Mas não foram os únicos: se a Cosworth meteu os V8, a Renault regressou com os V10 e a Honda passou dos V10 para os V12, entre 1989 e 1991, deixando esses motores para quem pagasse mais, outras marcas pensaram fortemente na ideia de entrar na competição com motores potentes. E em 1989, todos queriam um motor: Porsche. A marca alemã tinha anunciado que iria entrar em 1991 com um V12, e muitos acreditaram que, com o que tinha feito no passado, especialmente com os TAG-Porsche Turbo, que vinha aí um caso de sucesso. Mas...
Mas o que aconteceu, na realidade, foi uma catástrofe. Quem pagou por isso foi a Arrows.
Em 1989, a Porsche pediu ao veterano Hans Metzger para construir um motor potente para a nova competição. Com a marca de fora desde 1987, ele pensou que juntando dois motores V6, dos tempos da TAG-Porsche, poderia adiantar muito trabalho, do que construir algo do zero. o projeto, batizado de 3512 - motor de 3,5 litros, de 12 cilindros em V - tinha-o aberto a 80 graus, com uma tomada de força em eixo-cardã que tinha como base os flat-12 que Metzger tinha construído, mais de 20 anos antes, para os 917 de Endurance. Em suma, no papel, eram soluções do passado que tinham dado certo.
Contudo, mal começou a trabalhar o primeiro motor, os problemas surgiram. Era muito pesado: 189 quilos, mais 30 que os Honda e os Ferrari V12, por exemplo. E quando começou a ser puxado, descobriu-se que a potência que se conseguia andava na ordem dos 670 cavalos, a 13 mil rotações por minuto, pouco em comparação com os cerca de 800 cavalos que os Honda conseguiam tirar.
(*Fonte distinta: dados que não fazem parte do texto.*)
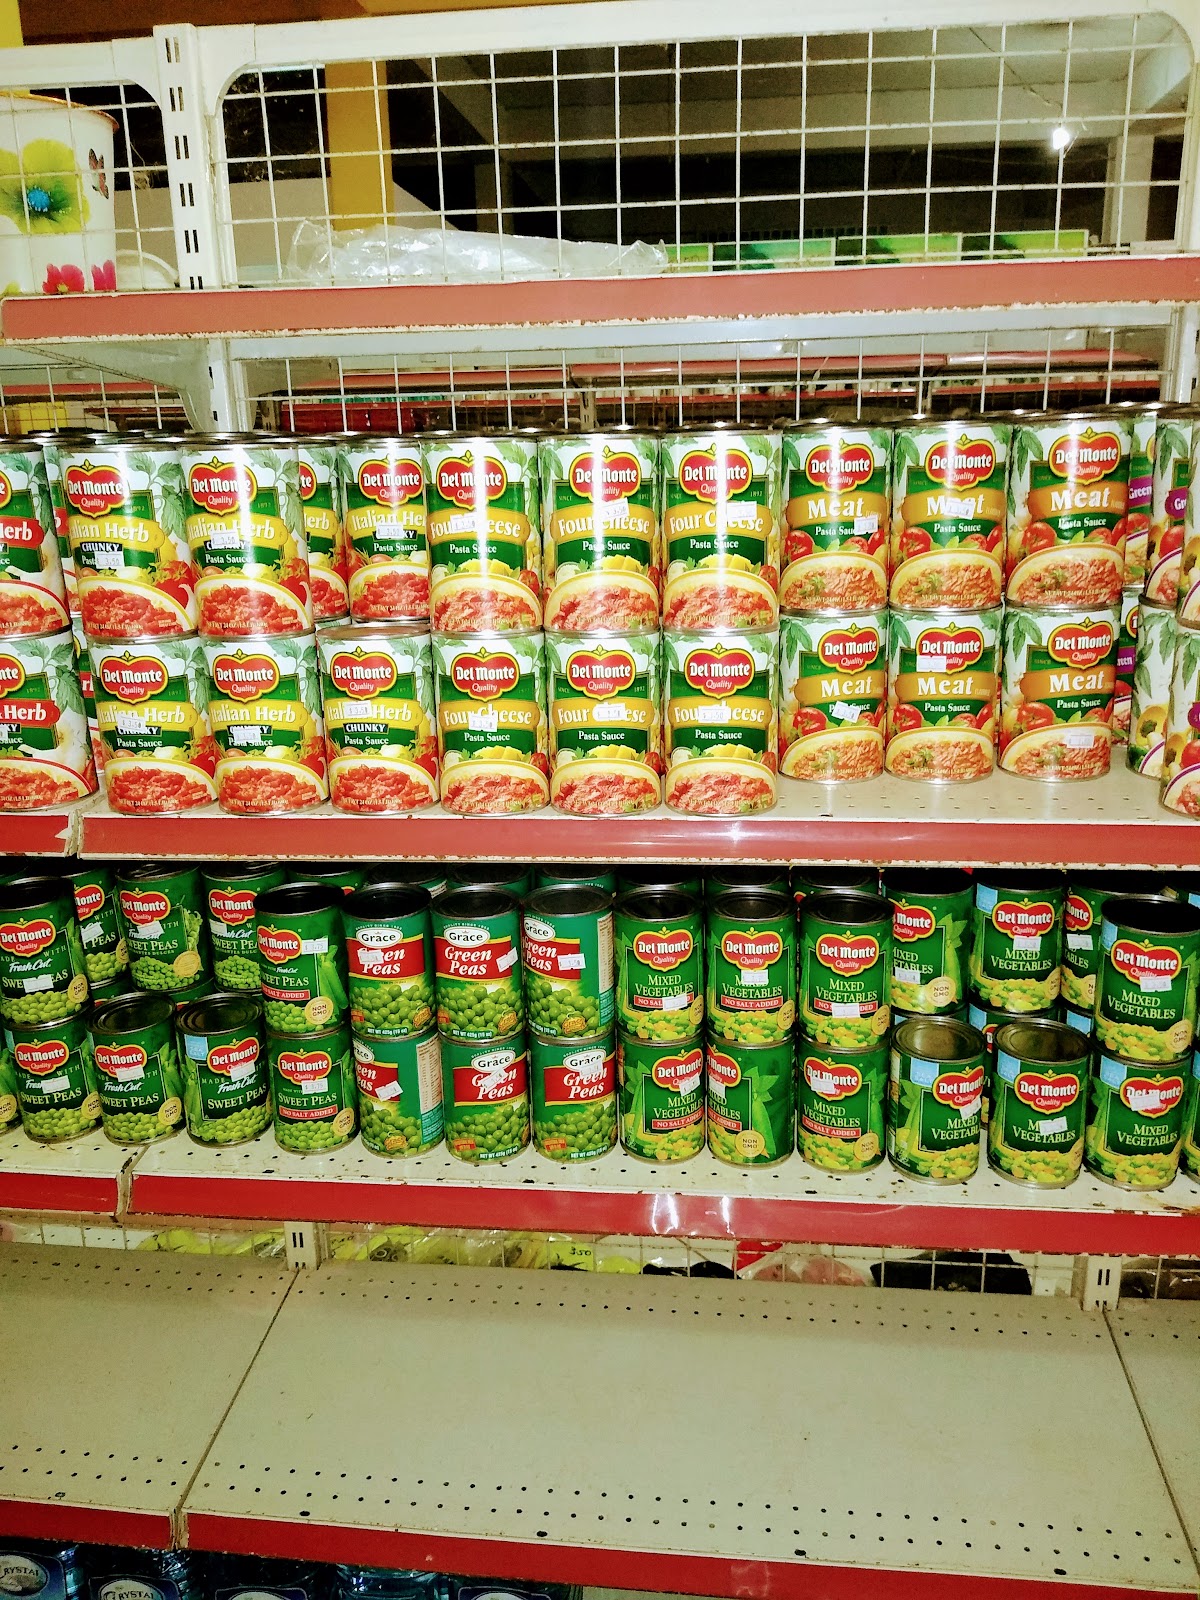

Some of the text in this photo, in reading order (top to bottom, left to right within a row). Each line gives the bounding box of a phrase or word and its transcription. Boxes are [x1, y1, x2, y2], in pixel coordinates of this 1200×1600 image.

E no meio disto tudo, já tinham assinado um acordo com a Arrows, que nesse ano de 1990, tinha um patrocinador japonês, a Footwork. Depois de a Onyx querer por todos os meios ter o motor, em meados de 1989 (era a obsessão do belga Jean-Pierre Van Rossem, o excêntrico proprietário da equipa), a Arrows ficou com esses motores, por quatro temporadas, a troco de 80 milhões de marcos alemães, a começar em 1991.
Os motores foram instalados no chassis A11, que teve de ser modificado para acolher o motor - o FA12 só estaria pronto mais tarde, em Imola - e desde o inicio, quer Michele Alboreto, quer Alex Caffi, sentiram dificuldades. Alboreto qualificou-se para a corrida de Phoenix, mas Caffi não. Para piorar as coisas, nas duas corridas seguintes, em Interlagos e Imola, nenhum dos carros se qualificou, mesmo com Caffi a usar o FA12 a partir da corrida italiana. Pelo meio, um susto: nos testes pré-corrida em Imola, Alboreto perdeu o controle do seu carro a bateu forte em Tamburello, desfazendo-se no impacto. Por milagre, o italiano saiu incólume do carro.
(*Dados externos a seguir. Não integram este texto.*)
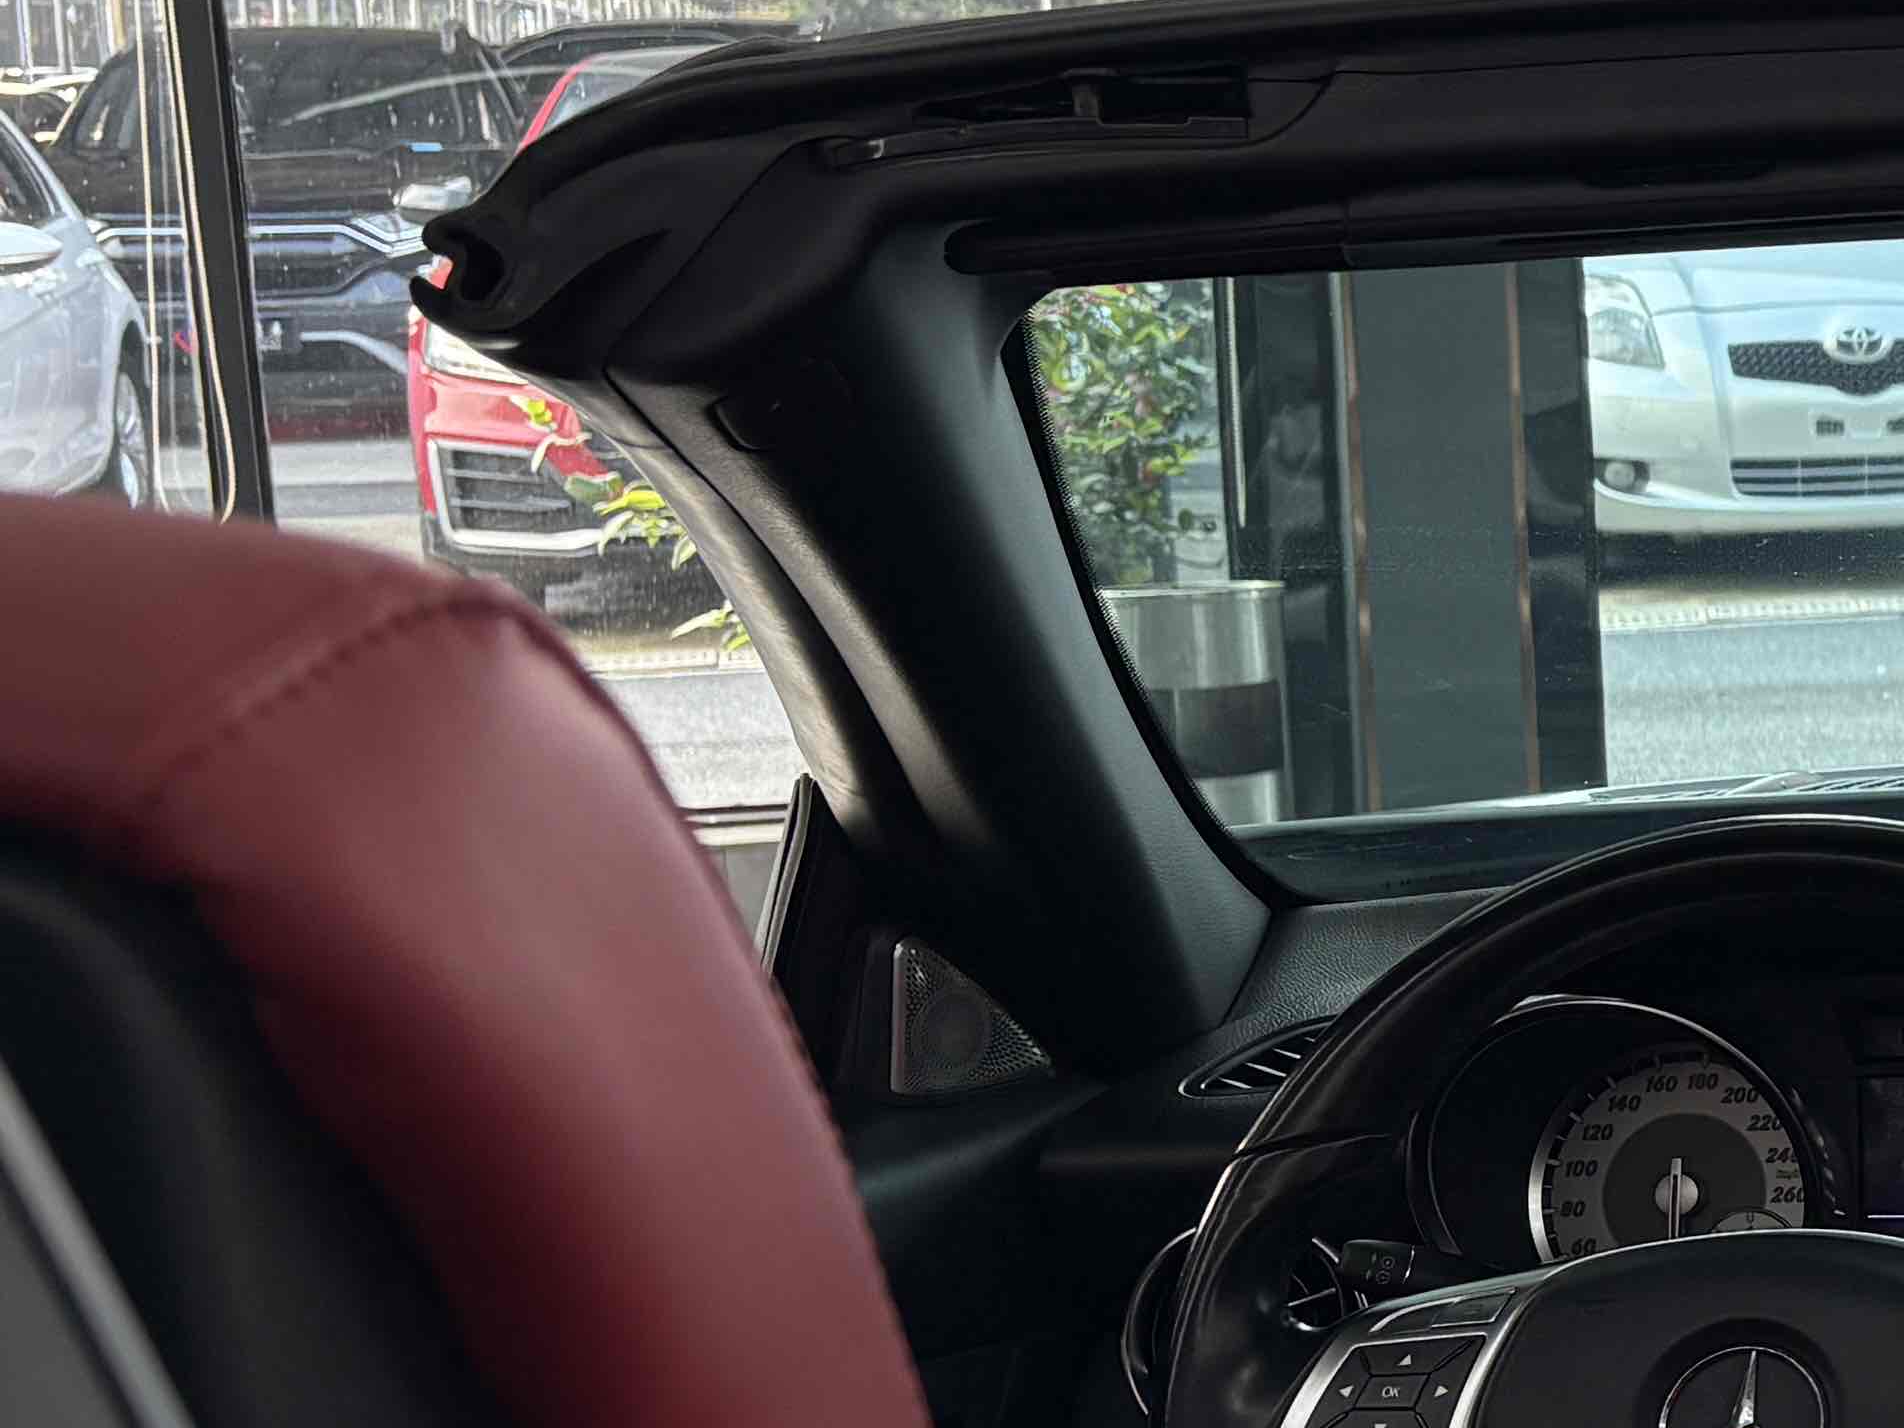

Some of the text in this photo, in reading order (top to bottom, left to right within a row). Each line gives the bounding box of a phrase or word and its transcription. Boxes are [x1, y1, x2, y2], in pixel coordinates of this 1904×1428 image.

[1646, 1076, 1678, 1093] 160
[1721, 1087, 1759, 1104] 200
[1607, 1096, 1641, 1113] 140
[1582, 1124, 1613, 1141] 120
[1565, 1160, 1598, 1177] 100
[1771, 1187, 1805, 1203] 260
Caffi não teve essa sorte. Alguns dias depois de não se ter qualificado para o GP do Mónaco, Caffi sofreu um acidente de estrada em Itália e ficou ferido, falhando as corridas americanas. Para o seu lugar foi chamado Stefan Johansson, o que significa que, pela primeira vez desde 1986, a dupla da Ferrari estava novamente junta. E no Canadá, ambos os carros conseguiram-se classificar, com o italiano a ser 21º na grelha e Johansson, 25º. Mas ambos não chegaram ao final, Alboreto por causa de um cabo do acelerador partido, Johansson porque o motor quebrou-se a meio da corrida.
Por essa altura, a Arrows estava farta, e decidiu regressar ao Ford DFR, acabando os motores Porsche depois do GP do México, onde Alboreto conseguiu passar, mas Johansson, não. A partir do GP de França, em Magny-Cours, os Ford, motores que tinham usado na temporada anterior, regressavam à equipa, mas os resultados não melhoraram muito, mesmo quando Caffi regressou ao "cockpit", no GP da Alemanha, altura em que a Footwork-Arrows tinha caído para o inferno das pré-qualificações.
Oficialmente, o acordo foi rescindido no final da temporada de 1991, mas a última corrida dos Arrows-Porsche fora no Canadá, e desde então, a marca alemã não mais regressou à Formula 1.